All that is needed is the line containing "Some of the text" together with each line after it, transcribed exactly to the end of the records.

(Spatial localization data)
--- START ---

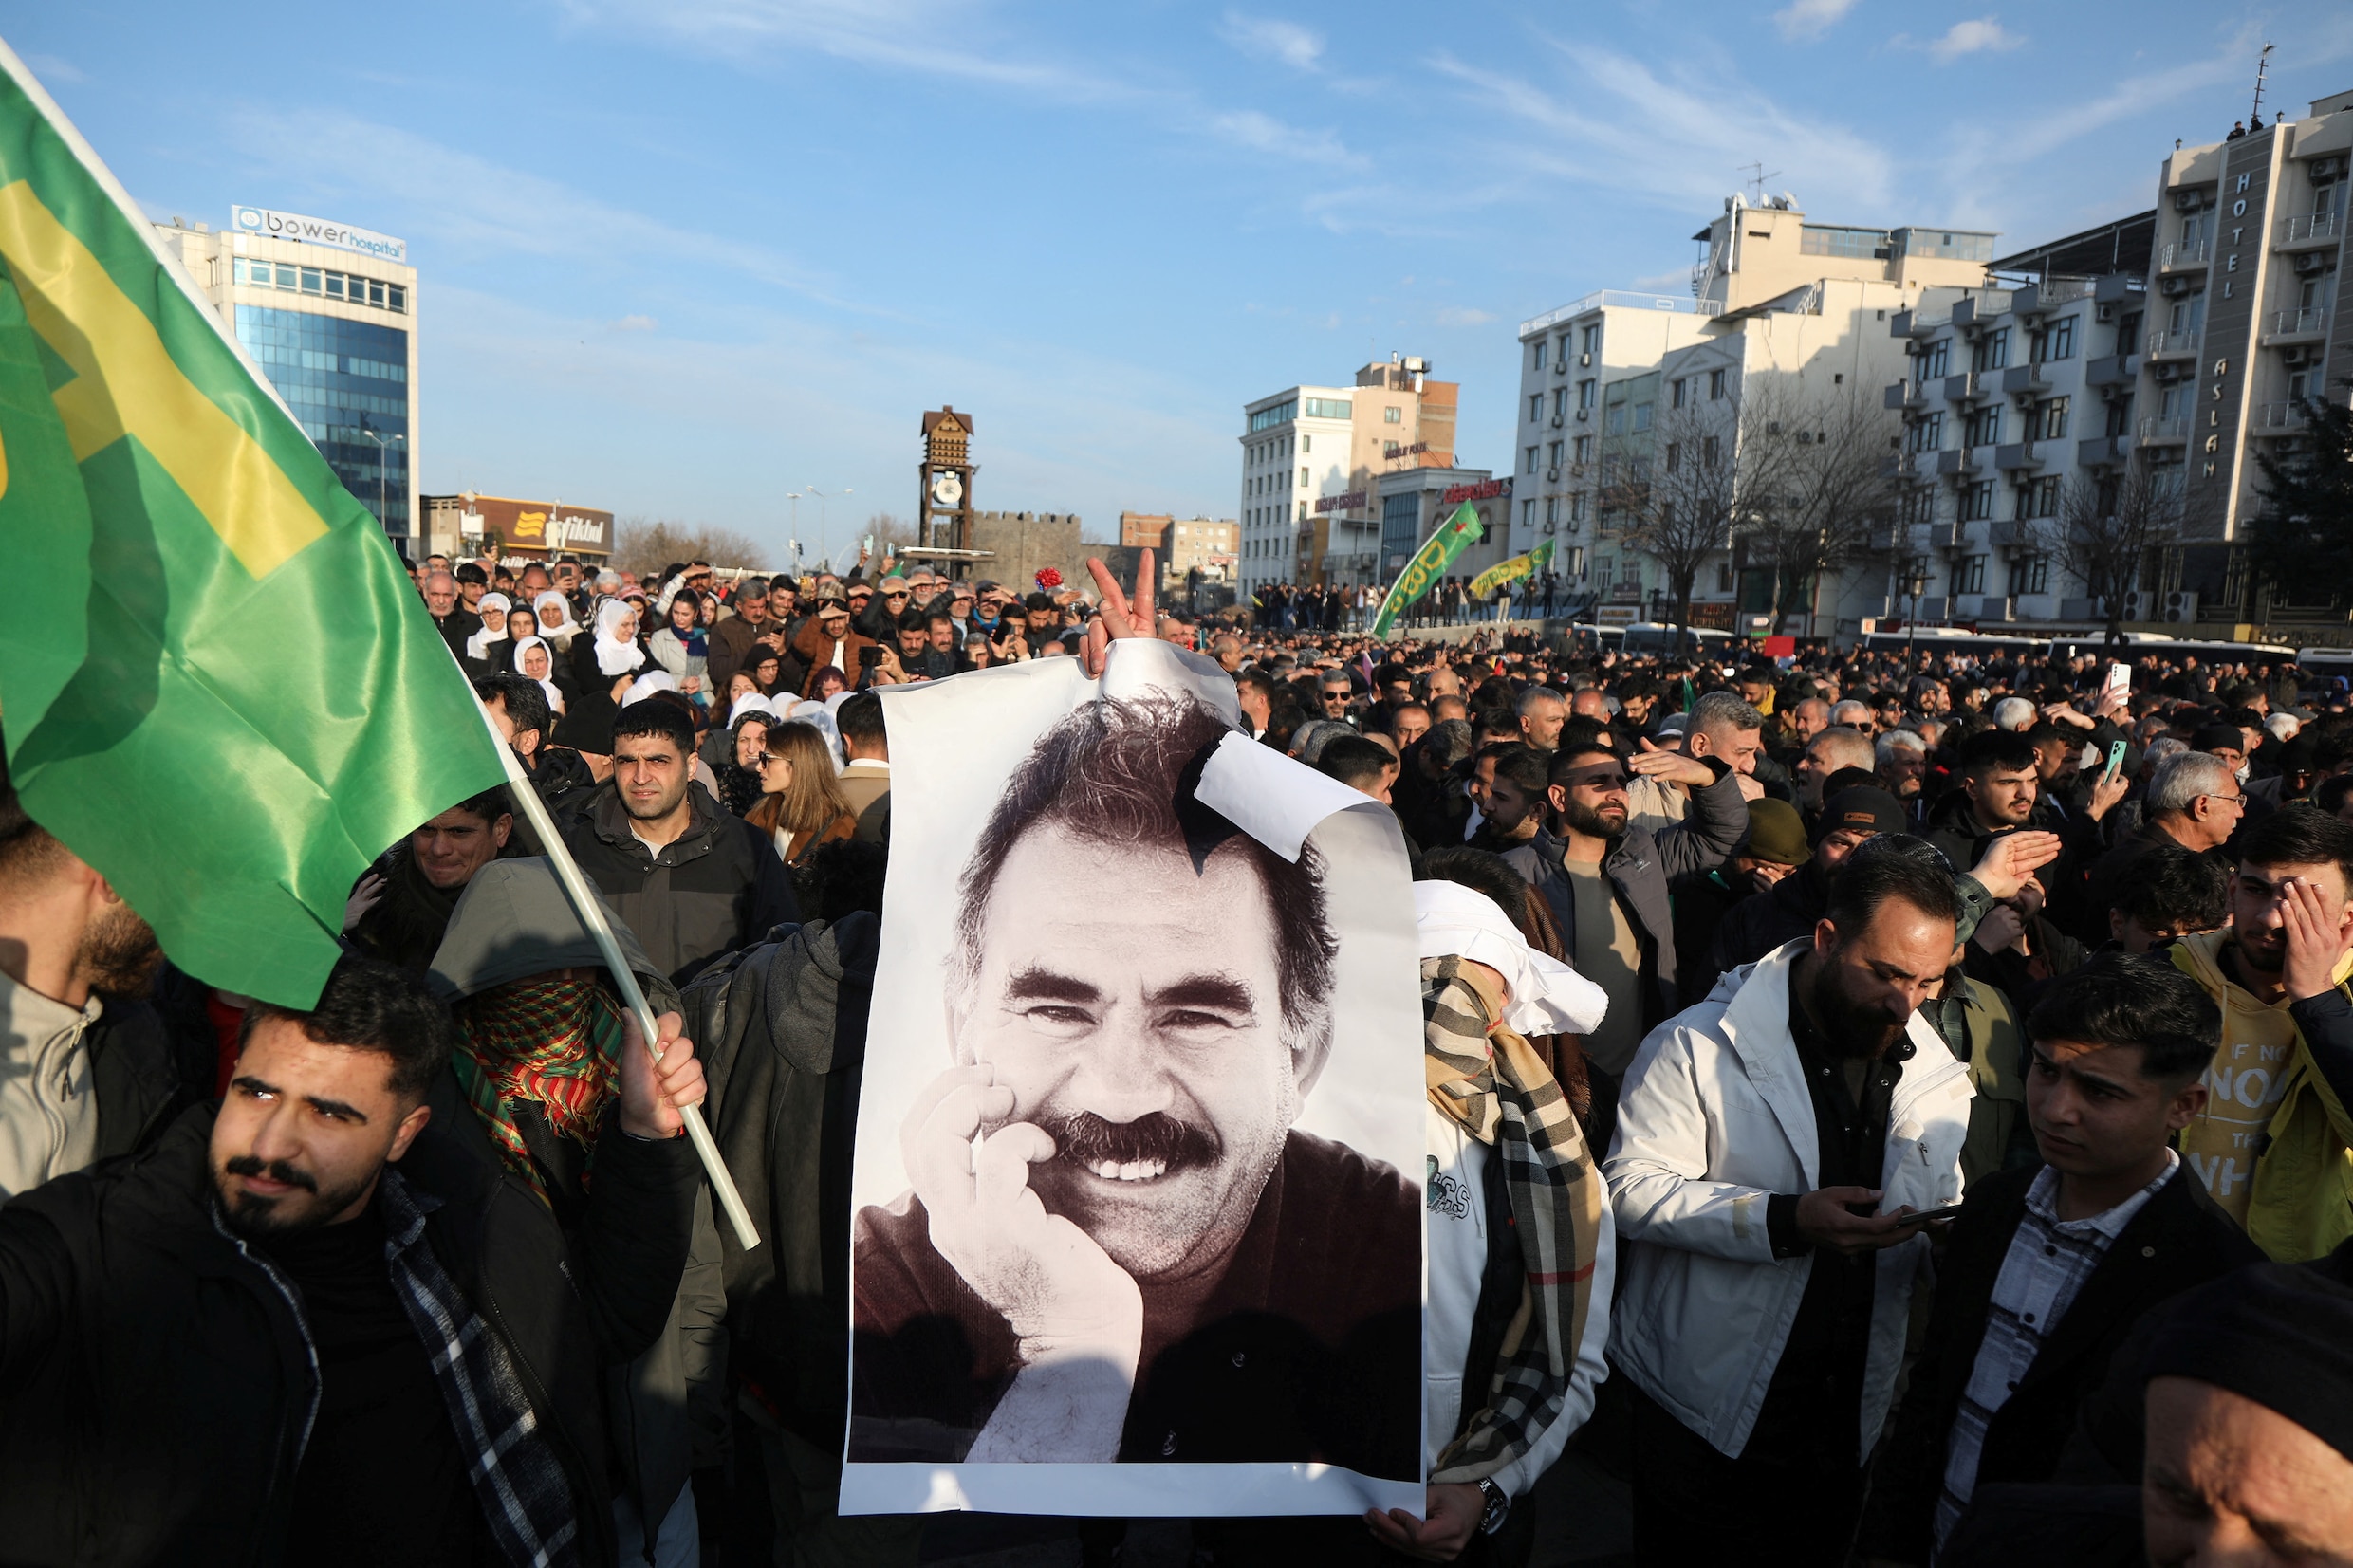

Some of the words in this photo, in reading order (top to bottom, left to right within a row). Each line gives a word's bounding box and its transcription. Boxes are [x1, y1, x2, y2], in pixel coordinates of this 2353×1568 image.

[267, 212, 347, 243] bower
[349, 232, 400, 258] hospital
[2224, 173, 2251, 299] HOTEL
[2202, 358, 2228, 478] ASLAN
[2232, 1042, 2250, 1060] IF
[2259, 1045, 2287, 1062] NO
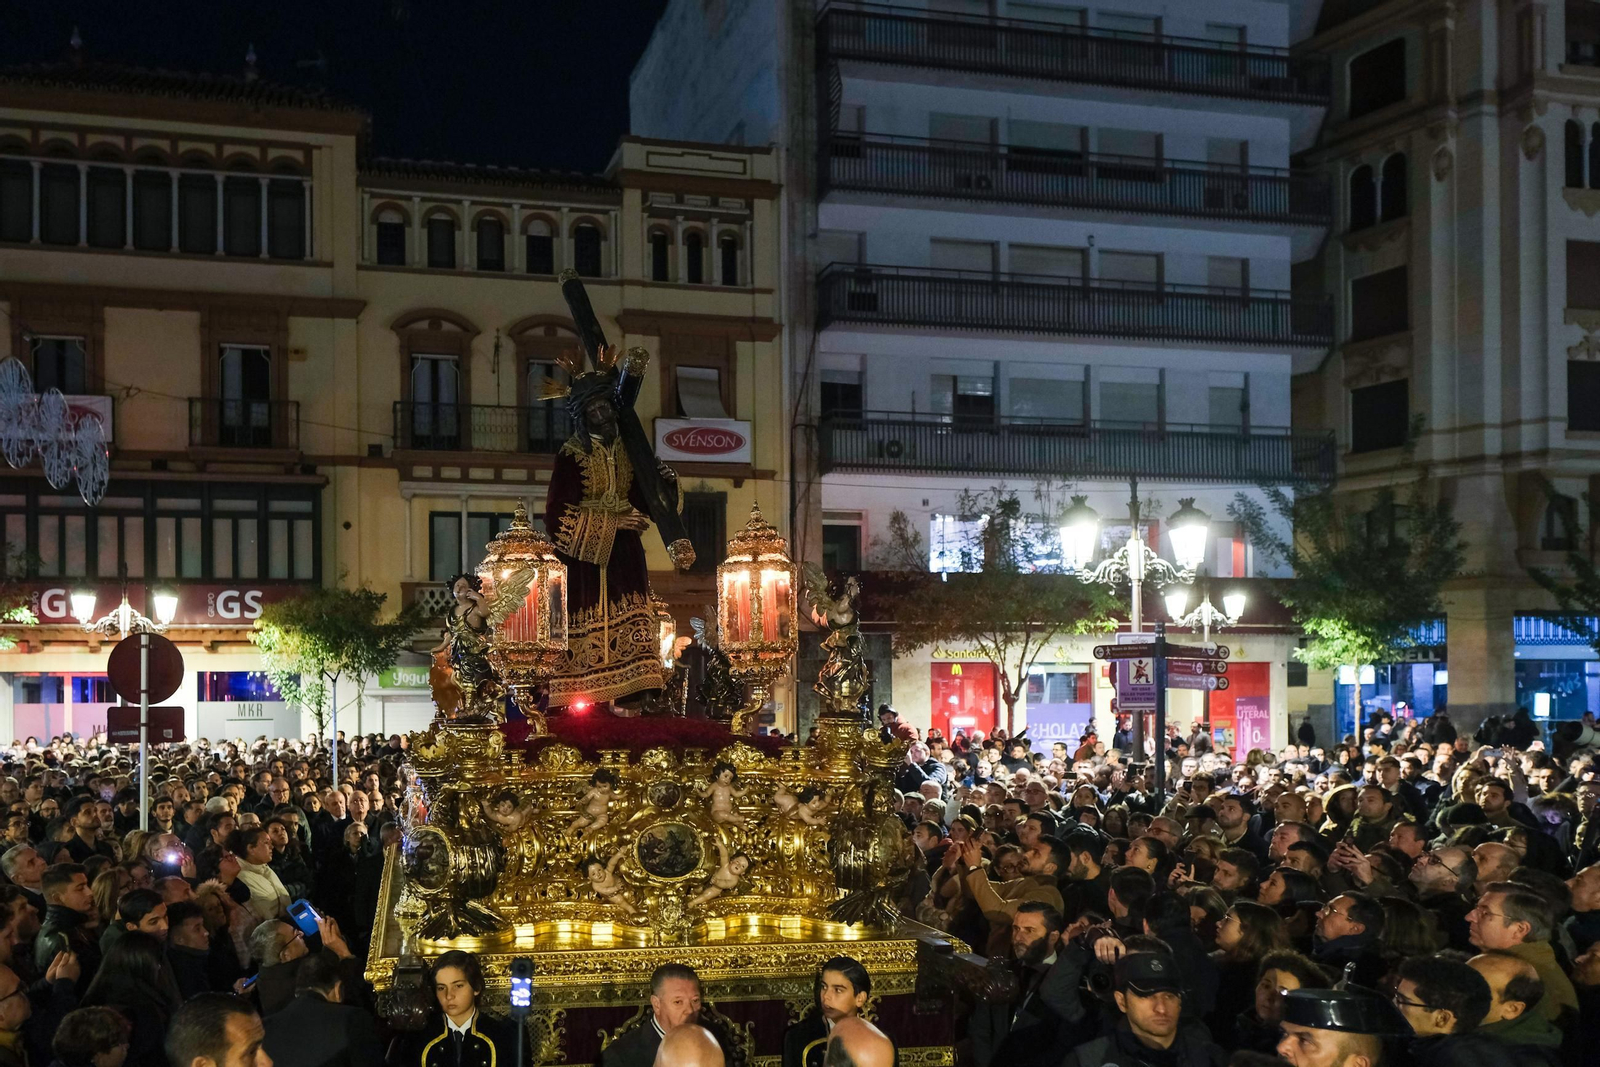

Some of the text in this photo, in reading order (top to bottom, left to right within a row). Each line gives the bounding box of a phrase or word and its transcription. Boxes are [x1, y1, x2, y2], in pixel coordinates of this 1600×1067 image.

[671, 433, 737, 448] SVENSON
[40, 588, 76, 619] G
[207, 589, 264, 619] GRUPO GS
[946, 647, 999, 659] Santand
[237, 703, 263, 717] MKR
[1031, 723, 1087, 738] ¿HOLA?

--- END ---

## Your solution
Some of the text in this photo, in reading order (top to bottom, left to right within a row). Each line gives the bounding box of a phrase or word and its transcription. Boxes are [x1, y1, x2, y2], in pixel coordinates of this 1600×1067 image.

[671, 433, 737, 448] SVENSON
[40, 588, 76, 619] G
[207, 589, 264, 619] GRUPO GS
[946, 647, 999, 659] Santand
[237, 703, 263, 717] MKR
[1031, 723, 1087, 738] ¿HOLA?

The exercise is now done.